If an agreement to sell goods is broken by the seller, as the property in the goods has not passed to the buyer, the buyer has only personal remedies against the seller. See chapter 8, where the buyer's remedies by way of action for damages or action for specific performance are discussed. In the case of a sale, however, if the seller breaks his engagement to deliver the goods, then, as the property in the goods has passed to the buyer, the buyer has not only personal remedies against the seller, but has also the usual proprietary remedies in respect of the goods themselves, such as the actions for conversion and detinue.
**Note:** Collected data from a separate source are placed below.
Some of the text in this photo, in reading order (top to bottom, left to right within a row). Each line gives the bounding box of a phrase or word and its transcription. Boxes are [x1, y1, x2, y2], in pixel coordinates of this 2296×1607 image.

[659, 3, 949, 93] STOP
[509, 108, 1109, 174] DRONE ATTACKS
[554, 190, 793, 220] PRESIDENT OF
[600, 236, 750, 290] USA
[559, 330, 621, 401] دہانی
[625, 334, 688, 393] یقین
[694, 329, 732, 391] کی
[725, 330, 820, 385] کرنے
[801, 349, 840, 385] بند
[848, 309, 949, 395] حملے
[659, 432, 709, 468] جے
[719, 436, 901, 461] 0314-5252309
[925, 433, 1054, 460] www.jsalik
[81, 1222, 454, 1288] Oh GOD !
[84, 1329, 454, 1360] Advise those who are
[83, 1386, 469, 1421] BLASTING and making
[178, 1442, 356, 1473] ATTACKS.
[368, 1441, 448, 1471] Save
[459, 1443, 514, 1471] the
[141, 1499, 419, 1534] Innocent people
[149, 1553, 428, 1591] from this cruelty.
See 25 Halsbury, Laws of England, p. 118, referring, as to detinue, to Langton v. Higgins, 1859, 4 H. & N. 402, and, as to conversion, to Chinery v. Viall, 1860, 5 H. & N. 288; cf. Hollins v. Fowler, 1875, L.R. 7 H.L. 757, 2 R.C. 410; Consolidated Co. v. Curtis,  1 Q. B. 495, 25 R.C. 161; see also title Trover and Detinue, 27 Halsbury, Laws of England, pp. 887 ff.; McGregor v' Whalen, 1914, 31 O.L.R. 543, 20 D.L.R. 489.
In the United States the Uniform Sales Act provides 66. Where the property in the goods has passed to the buyer and the seller wrongfully neglects or refuses to deliver the goods, the buyer may maintain any action allowed by law to the owner of goods of similar kind when wrongfully converted or withheld.